Dave, fairly certain that people prosecute dudes who steal washing machines without asking first, decides to look for a school employee to clear the matter up. He wanders through the school a bit, but fails to find anyone at all on the ground floor, though the sounds of roaring and, he believes, clacking seem to be getting quite a bit closer. Probably nothing to worry about, he guesses.

Then he notices a rather hairy, large humanoid staring down at him from the end of the hallway. It does not appear overly aggressive, but neither would Dave characterize its manner as friendly.

* * * * *

John decides to stop talking with Peter, as he clearly doesn't meet the booze requirements to continue conversation. So he hangs up after wishing the blighter a happy birthday.

"Apparently I've got some weird ass friends, no surprises there. Oh well. By the way, Trey, what was that new spell you got?" he asks, but Trey seems a little absorbed in whatever he might be trying to do.

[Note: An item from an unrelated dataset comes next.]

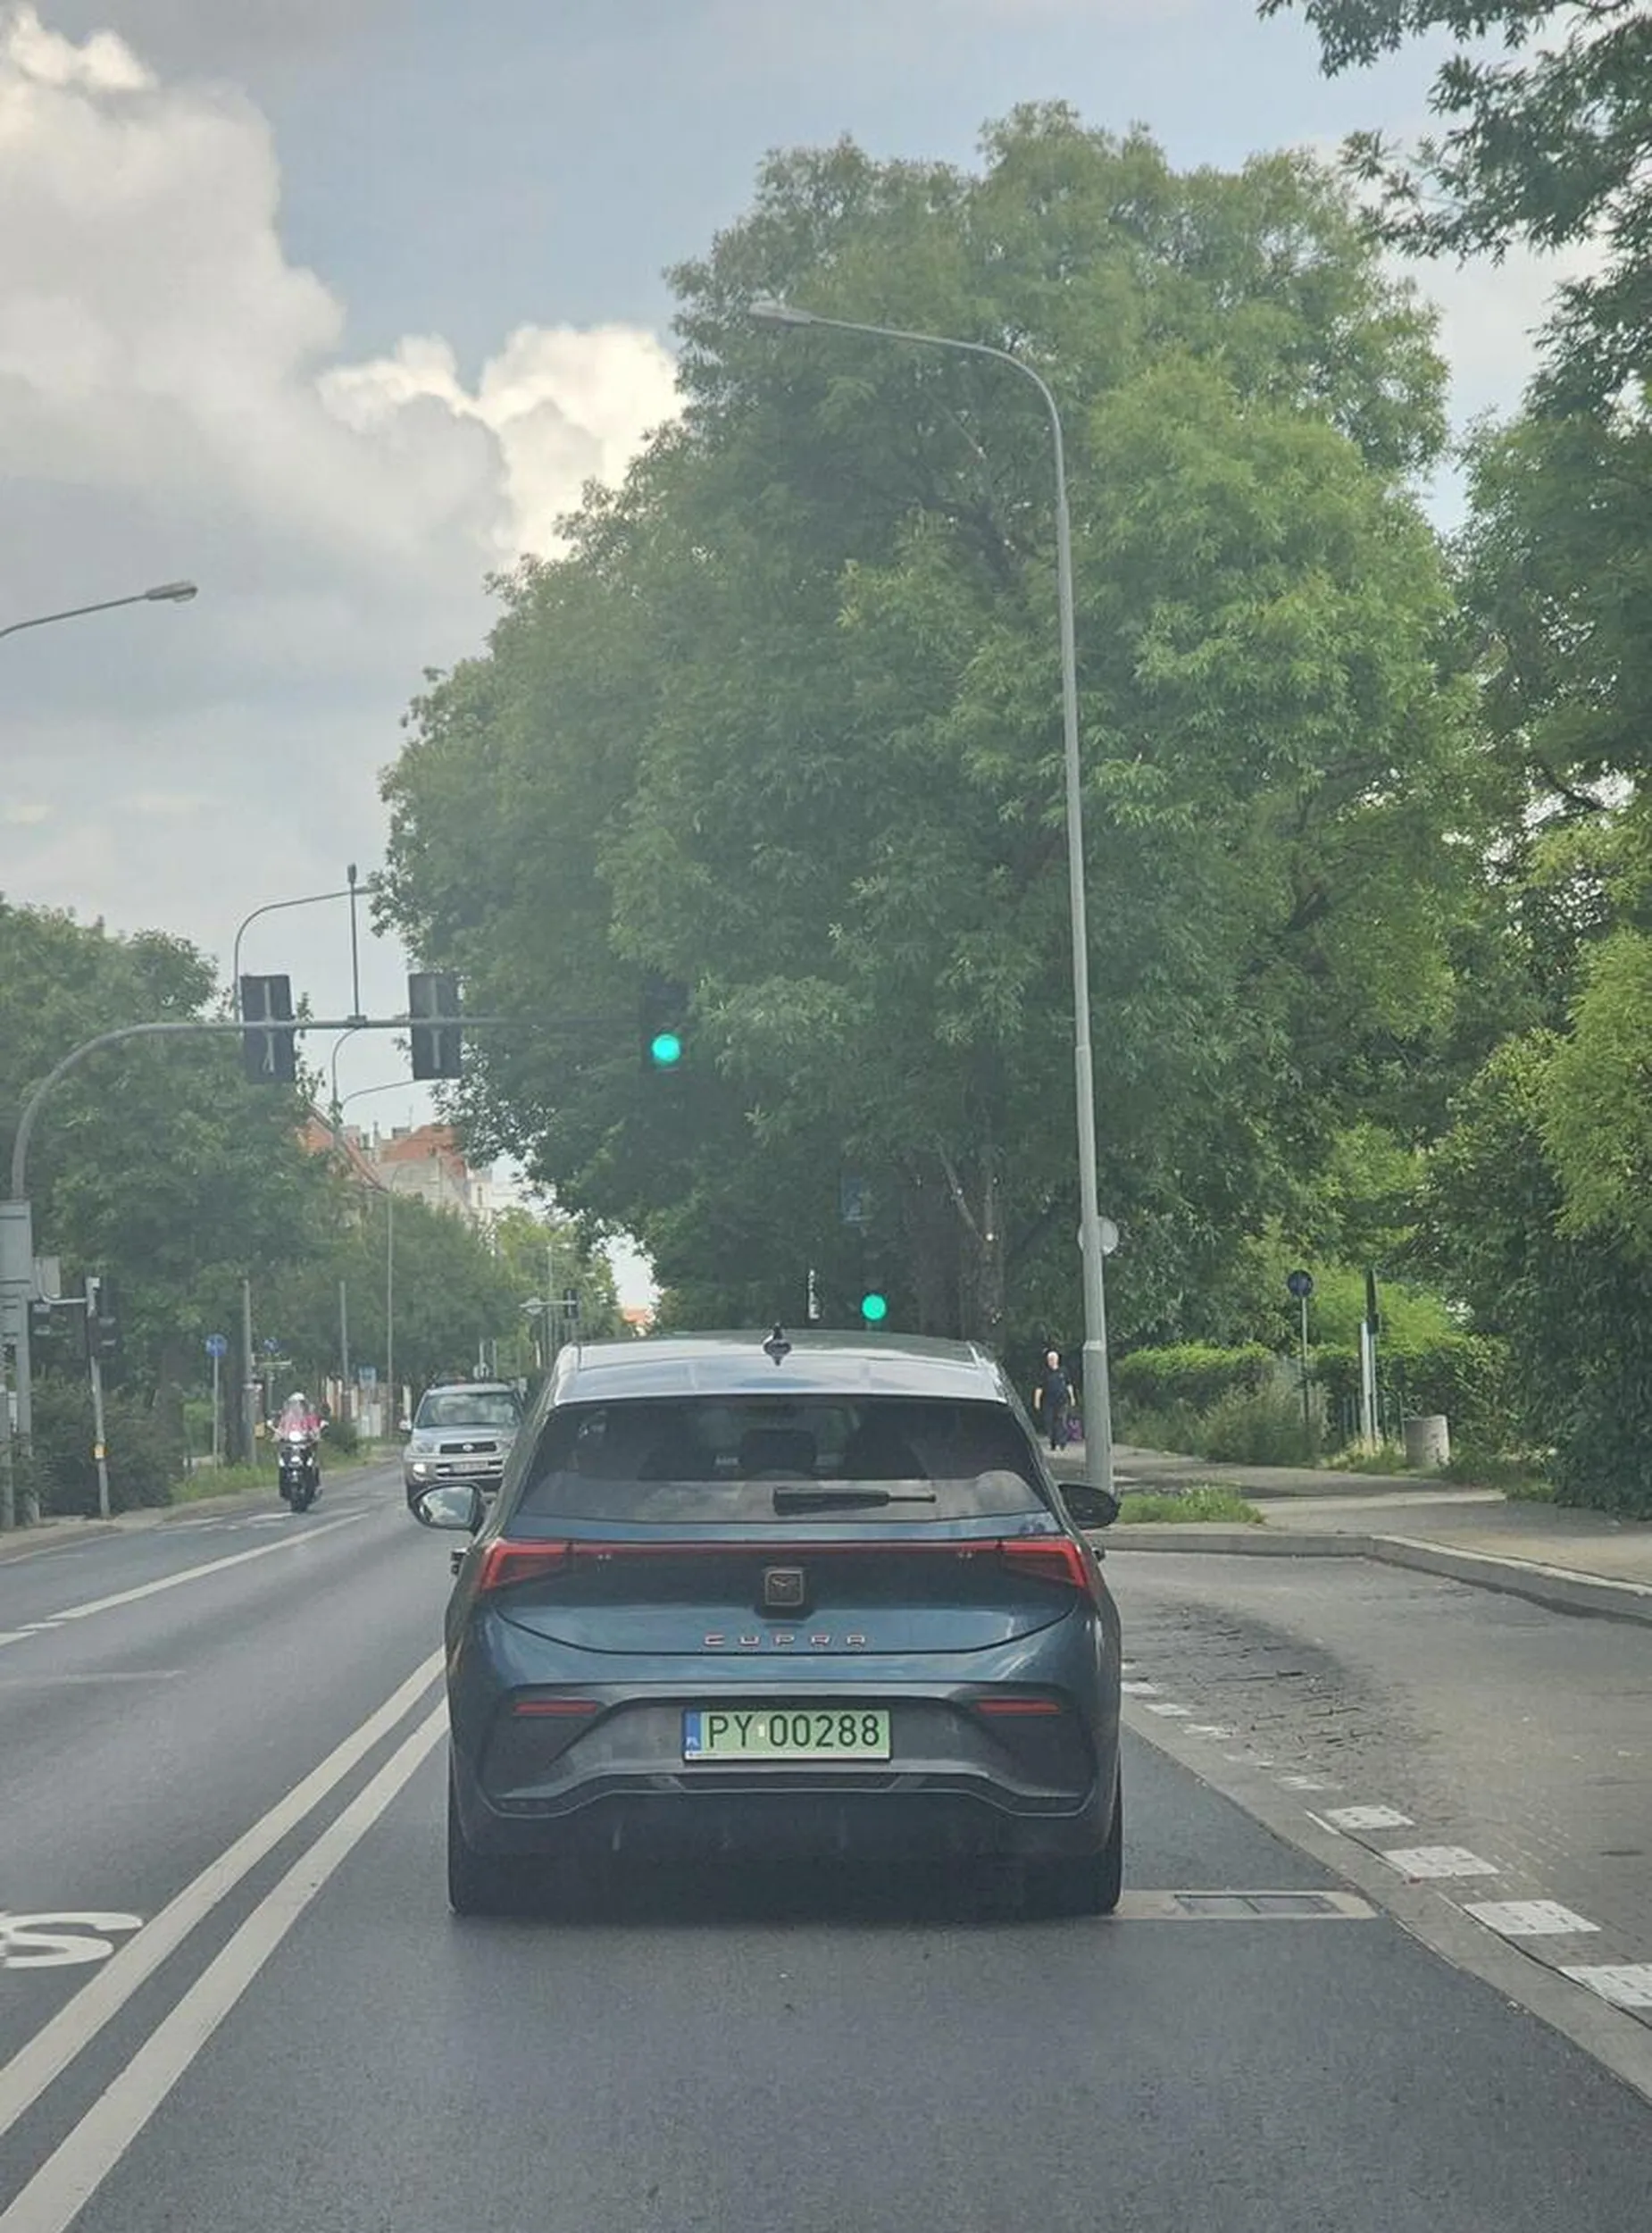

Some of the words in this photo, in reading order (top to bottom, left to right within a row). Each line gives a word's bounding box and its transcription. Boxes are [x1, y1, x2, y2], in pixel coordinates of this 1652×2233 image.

[704, 1633, 866, 1646] CUPRA
[709, 1715, 753, 1748] PY
[769, 1714, 880, 1747] 00288

[Trey's affinity roll: 3-1+1]

He becomes slightly yellowish and creamy-looking after a moment of what look like intensive breathing exercises, as well as a little buffer.

"Well, I guess I shouldn't have expected too much, you know? But I gotta say, for emulating a custard warrior I feel pretty good right now," he says, looking back at Luz for a moment. Luz appears to still have her nose in the book. "Uh, Luz, baby, maybe you should take it a little easy on those spells?"

Luz, seemingly interrupted, looks back at Trey. "I would, but we won't get past the door that way, will we? And this, in case you forgot, is a pretty fucking important door to get through, Trey! Pretty fucking important indeed!" she says with a nasty edge to her voice, then turns back to the book. John, meanwhile, dials Mr. Lee's number.

"Yes, hello?" asks the friendly, audibly sleepy voice of Mr. Lee on the other end.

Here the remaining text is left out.